C'est pourquoi, paradoxalement, au lieu de considérer que la spécificité de la classe de Terminale hypothèque l'exercice de la philosophie, nous en faisons la condition d'un type particulier de philosophie. Par contre coup, cela postule que d'autres spécificités conditionneront d'autres types de philosophie. L'extension de l'enseignement de la philosophie trouve sa condition de possibilité dès que l'on admet l'existence d'une pluralité de pratiques philosophiques. Si, dans la classe de Terminale, le type de philosophie exercé requiert la maîtrise de la lecture et de l'écriture, - voire, l'art de la dissertation - dans les classes de Sixième, dans les classes techniques, dans les centres de formation d'apprentis, etc. d'autres modalités de maîtrise appelleraient d'autres types de philosophie.

(1) Etats généraux de la philosophie, Ed. Flammarion, p.161-162. (2)Id. p. 218.
 
Plutôt que de protéger la philosophie contre les "contaminations" du contexte, il nous faut cerner sa spécificité à partir de ce qui peut la multiplier dans la diversité des langages et des pratiques. Nous renouons, par cette exigence, avec une hypothèse écartée a priori dans la philosophie grecque. En effet, dans tous ses dialogues, Platon récuse la rhétorique des sophistes pour prôner la transparence du discours vrai aux Formes Idéales. Autrement dit, selon nous, Platon privilégie comme philosophique un seul type de rhétorique en excluant toutes les autres types possibles d'exercice du langage. Pourquoi recourt-il à ce clivage normatif?

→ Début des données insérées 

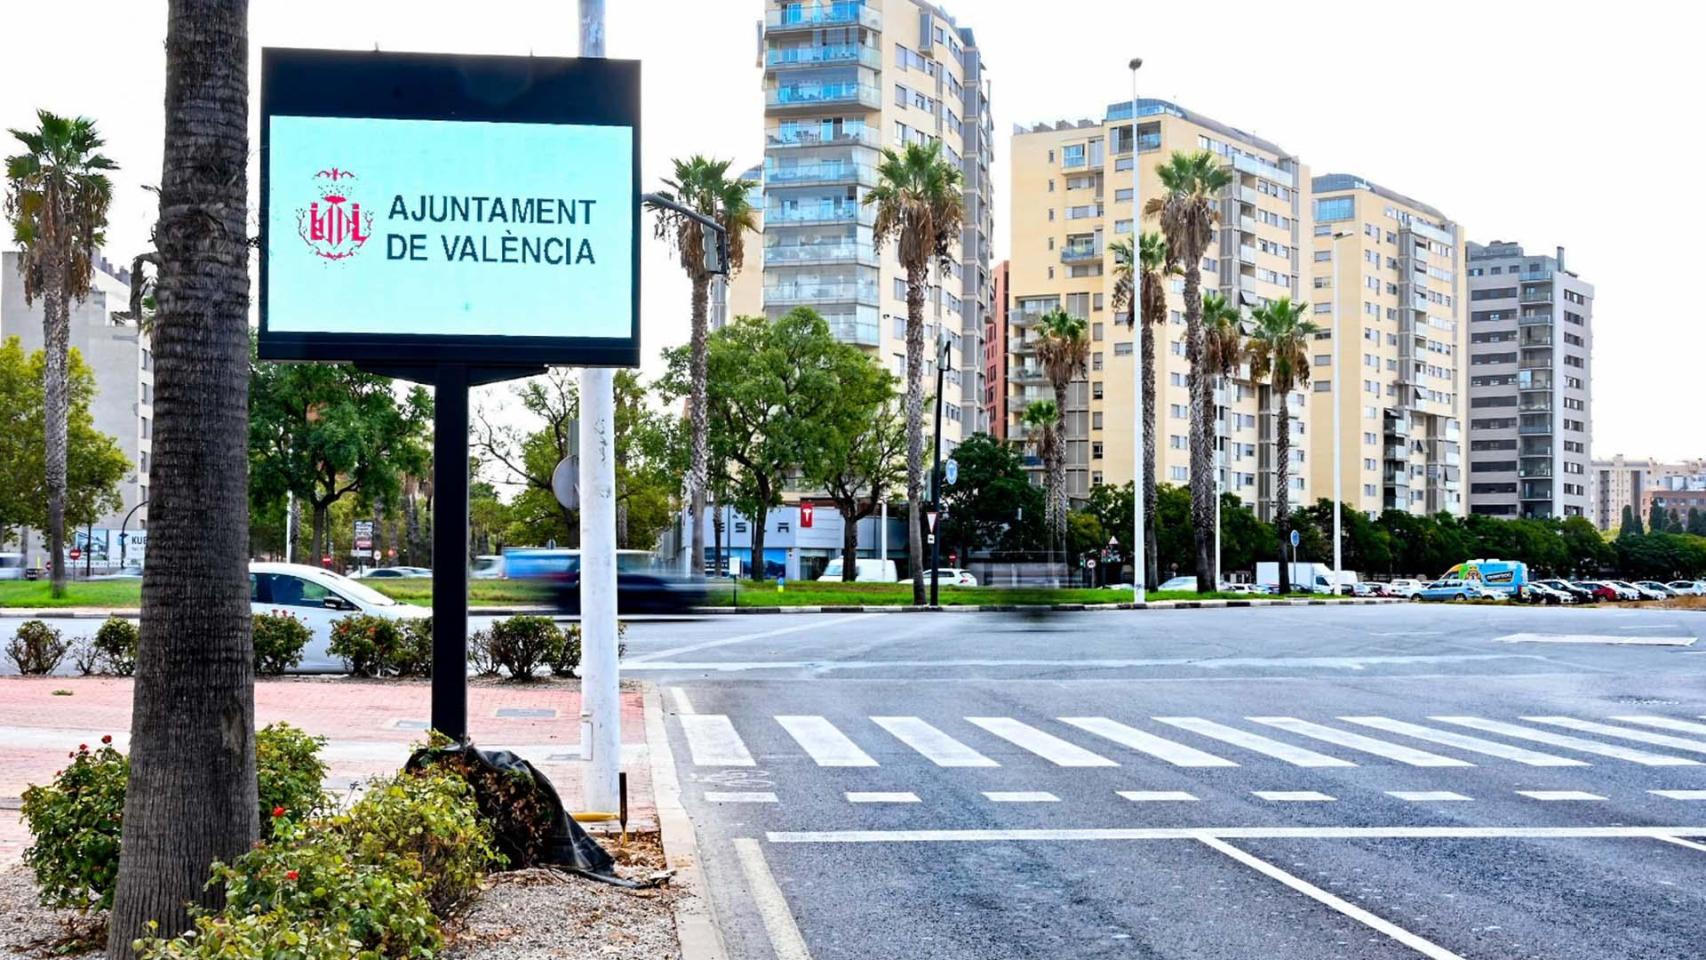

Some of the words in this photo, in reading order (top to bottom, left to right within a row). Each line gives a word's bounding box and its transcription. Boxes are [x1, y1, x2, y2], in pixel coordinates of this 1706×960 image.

[388, 194, 597, 225] AJUNTAMENT
[386, 233, 429, 261] DE
[440, 229, 596, 265] VALÈNCIA

S'agissant de l'argumentation, de la rhétorique, de la construction du discours, on a tendance à n'y voir qu'une technique demandant une plus ou moins grande habileté. Contre les classements taxinomiques des figures, contre les catalogues de recettes, il faut rappeler avec R. Barthes comment s'est constituée la rhétorique:

"La rhétorique (comme méta-langage) est née de procès de propriété. Vers 485 av.J-C, deux tyrans siciliens, Gelon et Hieron-, opérèrent des déportations, des transferts de population et des expropriations, pour peupler Syracuse et lotir les mercenaires; lorsqu'ils furent renversés par un soulèvement démocratique et que l'on voulut revenir à l'ante quo, il y eut des procès innombrables, car les droits de propriété étaient obscurcis. Ces procès étaient d'un type nouveau: ils mobilisaient de grands jurys populaires, devant lesquels, pour convaincre, il fallait être "éloquent".

Cette éloquence, participant à la fois de la démagogie, du-judiciaire et du politique (ce qu'on appela ensuite le délibératif.) se constitua rapidement en objet d'enseignement. Les premiers professeurs de cette nouvelle discipline furent Empédocle d'Agrigente, Corax, son élève de Syracuse (le premier à se faire payer ses leçons) et Tisias. Cet enseignement passa non moins rapidement en Attique (après les Guerres Médiques), grâce aux contestations des commerçants, qui plaidaient conjointement à Syracuse et à Athènes : la rhétorique est déjà, en partie, athénienne dès le milieu du Ve siècle" {1).

Parole feinte et feintes de paroles se sont donc élaborées en théorie lorsque le langage est apparu indissociable du conflit social. Chaque argumentation est conflictuelle: chaque figure lie ce que la figure adverse dissocie; chaque hiérarchie divise, valorise, dévalorise, etc..; on le sait, la parole, l'écriture ont été in­ dissociables de la démocratie grecque. Démocratie qui s'arrêtait là où commence l'incapacité à discourir. Il importait alors de savoir "bien" manier les armes rhétoriques.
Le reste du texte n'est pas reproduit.